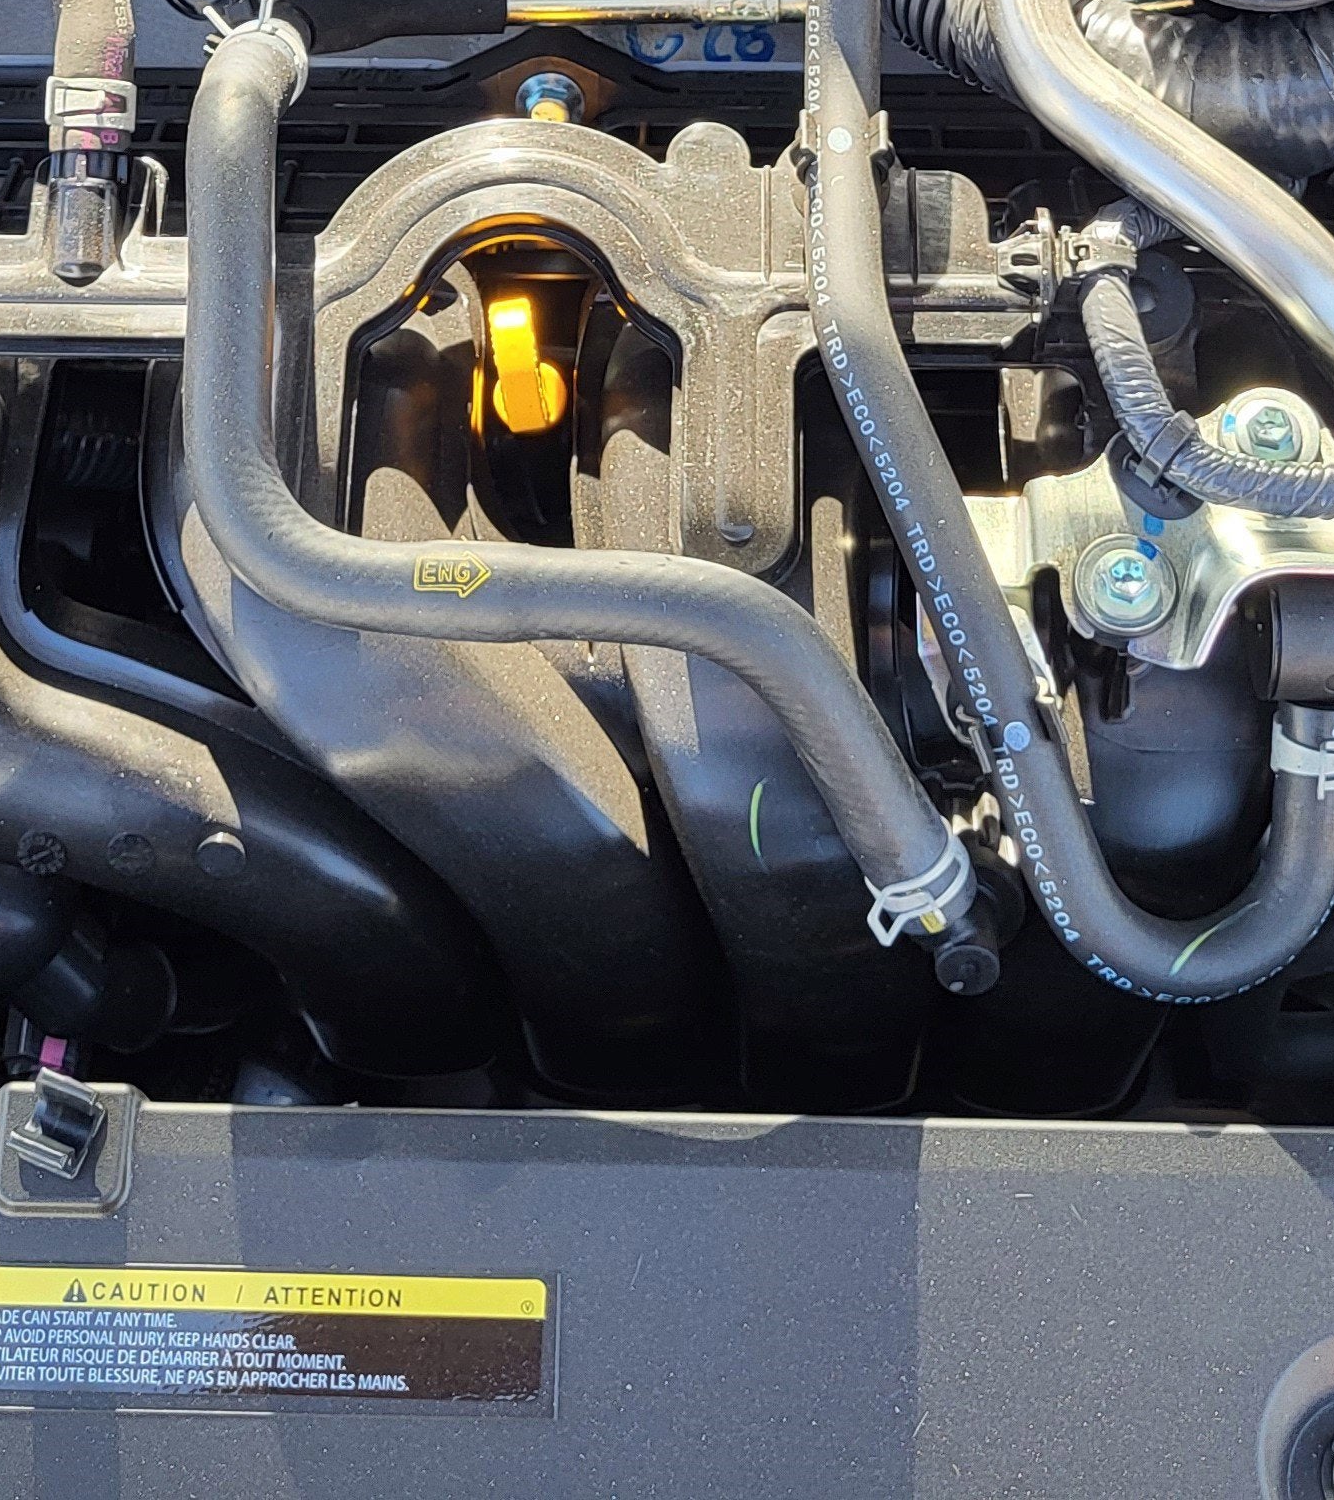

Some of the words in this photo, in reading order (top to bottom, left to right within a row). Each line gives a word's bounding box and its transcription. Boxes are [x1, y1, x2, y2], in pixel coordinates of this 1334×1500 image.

[422, 561, 471, 584] ENG
[92, 1281, 206, 1303] CAUTION
[263, 1285, 403, 1308] ATTENTION
[22, 1310, 51, 1326] CAN
[52, 1310, 92, 1327] START
[94, 1311, 111, 1327] AT
[113, 1311, 143, 1328] ANY
[143, 1312, 178, 1329] TIME.
[4, 1328, 46, 1344] AVOID
[48, 1329, 116, 1346] PERSONAL
[119, 1331, 166, 1349] INJURY,
[168, 1331, 200, 1348] KEEP
[202, 1332, 250, 1350] HANDS
[252, 1333, 297, 1351] CLEAR.
[62, 1348, 116, 1367] RISQUE
[118, 1349, 135, 1365] DE
[138, 1346, 219, 1367] DÉMARRER
[222, 1348, 235, 1368] À
[236, 1352, 276, 1369] TOUT
[277, 1353, 347, 1370] MOMENT.
[37, 1366, 85, 1382] TOUTE
[89, 1367, 162, 1386] BLESSURE,
[164, 1368, 185, 1385] NE
[187, 1369, 215, 1386] PAS
[219, 1370, 238, 1387] EN
[239, 1371, 328, 1389] APPROCHER
[330, 1374, 356, 1390] LES
[358, 1374, 410, 1392] MAINS.

········

Transcribe all of the listing precisely. The images stay out of it.

Some of the words in this photo, in reading order (top to bottom, left to right within a row). Each line gives a word's bounding box and its transcription. Boxes are [x1, y1, x2, y2], in pixel coordinates of this 1334×1500 image.

[422, 561, 471, 584] ENG
[92, 1281, 206, 1303] CAUTION
[263, 1285, 403, 1308] ATTENTION
[22, 1310, 51, 1326] CAN
[52, 1310, 92, 1327] START
[94, 1311, 111, 1327] AT
[113, 1311, 143, 1328] ANY
[143, 1312, 178, 1329] TIME.
[4, 1328, 46, 1344] AVOID
[48, 1329, 116, 1346] PERSONAL
[119, 1331, 166, 1349] INJURY,
[168, 1331, 200, 1348] KEEP
[202, 1332, 250, 1350] HANDS
[252, 1333, 297, 1351] CLEAR.
[62, 1348, 116, 1367] RISQUE
[118, 1349, 135, 1365] DE
[138, 1346, 219, 1367] DÉMARRER
[222, 1348, 235, 1368] À
[236, 1352, 276, 1369] TOUT
[277, 1353, 347, 1370] MOMENT.
[37, 1366, 85, 1382] TOUTE
[89, 1367, 162, 1386] BLESSURE,
[164, 1368, 185, 1385] NE
[187, 1369, 215, 1386] PAS
[219, 1370, 238, 1387] EN
[239, 1371, 328, 1389] APPROCHER
[330, 1374, 356, 1390] LES
[358, 1374, 410, 1392] MAINS.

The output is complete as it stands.